Supplied entries:
--------

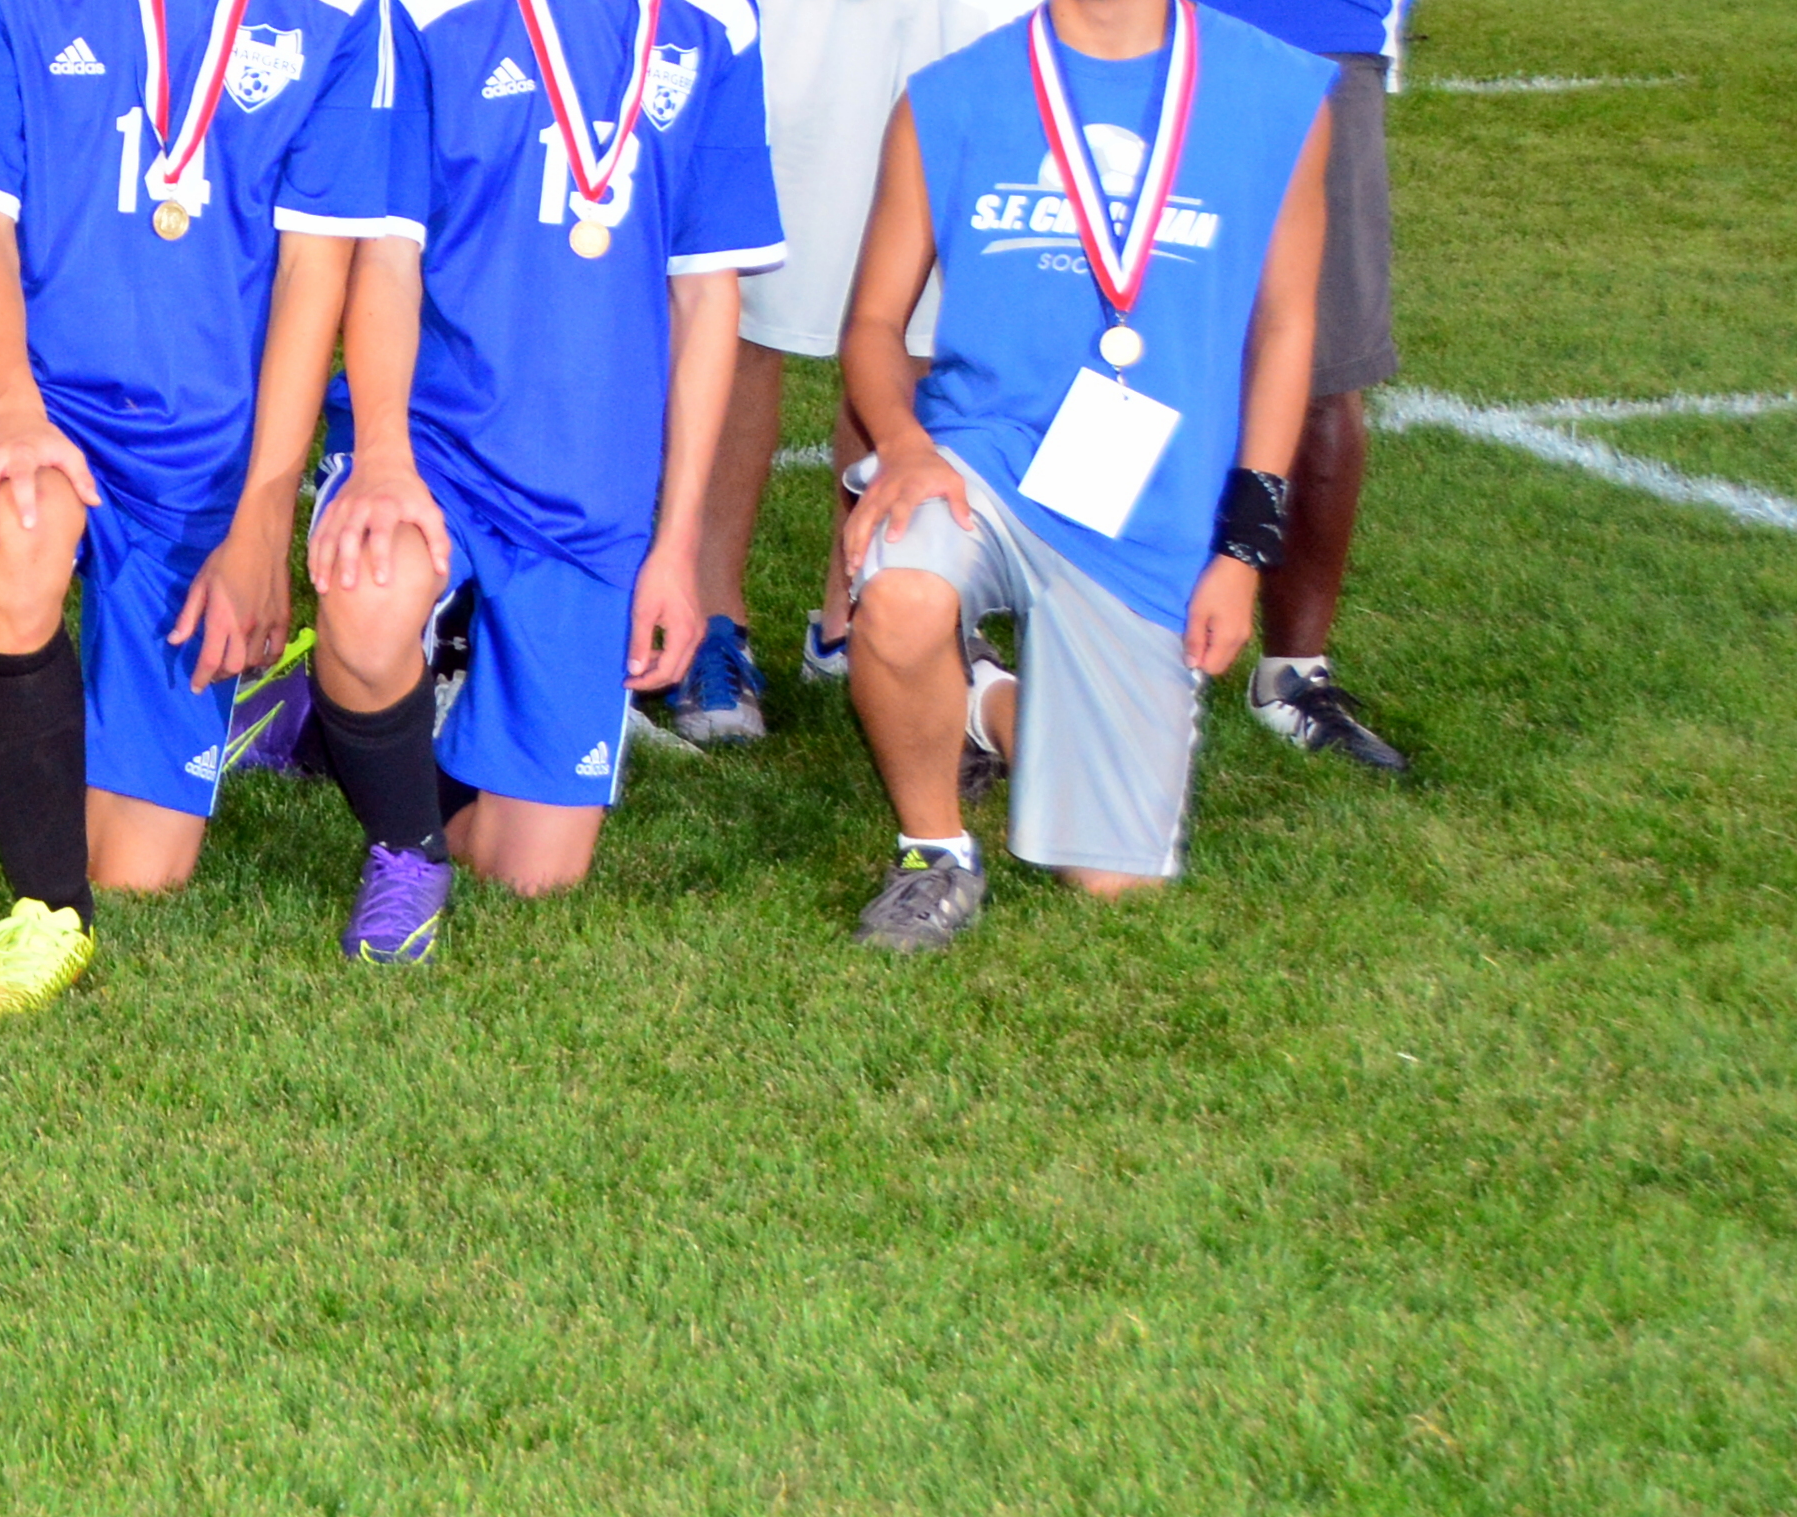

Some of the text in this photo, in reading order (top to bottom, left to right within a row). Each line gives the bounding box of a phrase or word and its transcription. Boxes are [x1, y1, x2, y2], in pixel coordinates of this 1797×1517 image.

[49, 59, 106, 75] adidas
[231, 46, 298, 76] HARGERS
[481, 78, 536, 100] adidas
[645, 66, 697, 88] HARGERS
[116, 107, 211, 218] 14
[970, 193, 1027, 231] S.F.
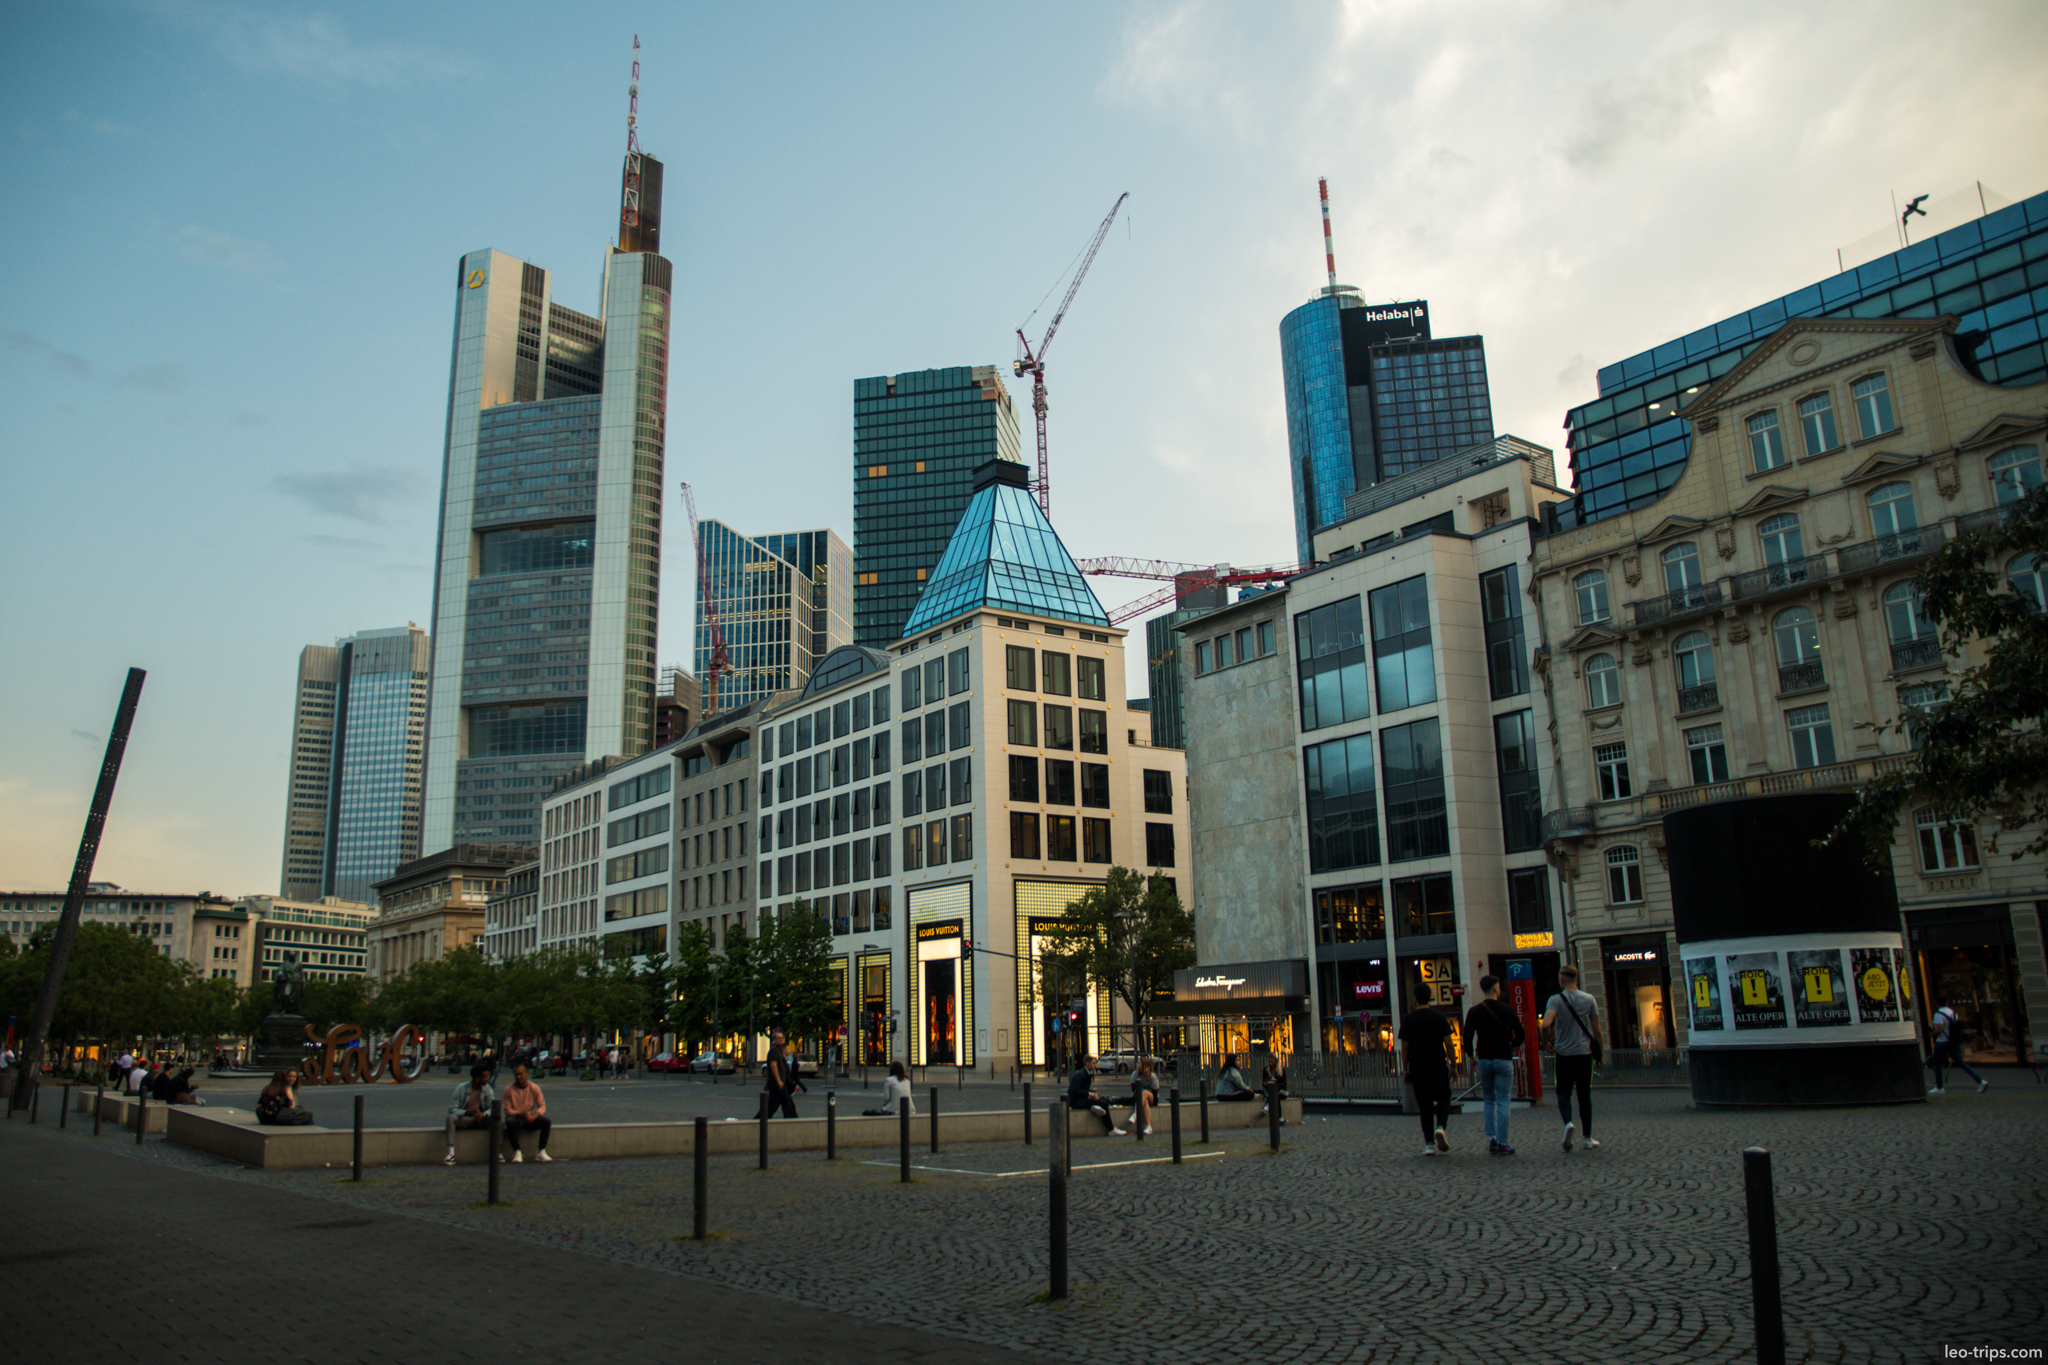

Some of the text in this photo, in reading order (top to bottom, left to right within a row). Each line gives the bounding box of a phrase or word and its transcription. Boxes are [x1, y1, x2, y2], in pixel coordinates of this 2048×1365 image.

[1365, 308, 1410, 322] Helaba
[918, 924, 960, 938] LOUIS VUITTON
[1614, 952, 1643, 962] LACOSTE
[1734, 969, 1773, 980] EROICA
[1796, 966, 1836, 976] EROICA
[1866, 973, 1882, 981] ABO
[1867, 980, 1887, 988] JETZT
[1705, 1014, 1722, 1023] OPER
[1736, 1011, 1786, 1022] ALTE OPER
[1797, 1009, 1850, 1020] ALTE OPER
[1637, 1035, 1657, 1046] SALE

--------

Work order: The answer must be the line containing "this 2048×1365 image." and every line after it through the last line of the records above, repeated exactly.

Your response:
Some of the text in this photo, in reading order (top to bottom, left to right within a row). Each line gives the bounding box of a phrase or word and its transcription. Boxes are [x1, y1, x2, y2], in pixel coordinates of this 2048×1365 image.

[1365, 308, 1410, 322] Helaba
[918, 924, 960, 938] LOUIS VUITTON
[1614, 952, 1643, 962] LACOSTE
[1734, 969, 1773, 980] EROICA
[1796, 966, 1836, 976] EROICA
[1866, 973, 1882, 981] ABO
[1867, 980, 1887, 988] JETZT
[1705, 1014, 1722, 1023] OPER
[1736, 1011, 1786, 1022] ALTE OPER
[1797, 1009, 1850, 1020] ALTE OPER
[1637, 1035, 1657, 1046] SALE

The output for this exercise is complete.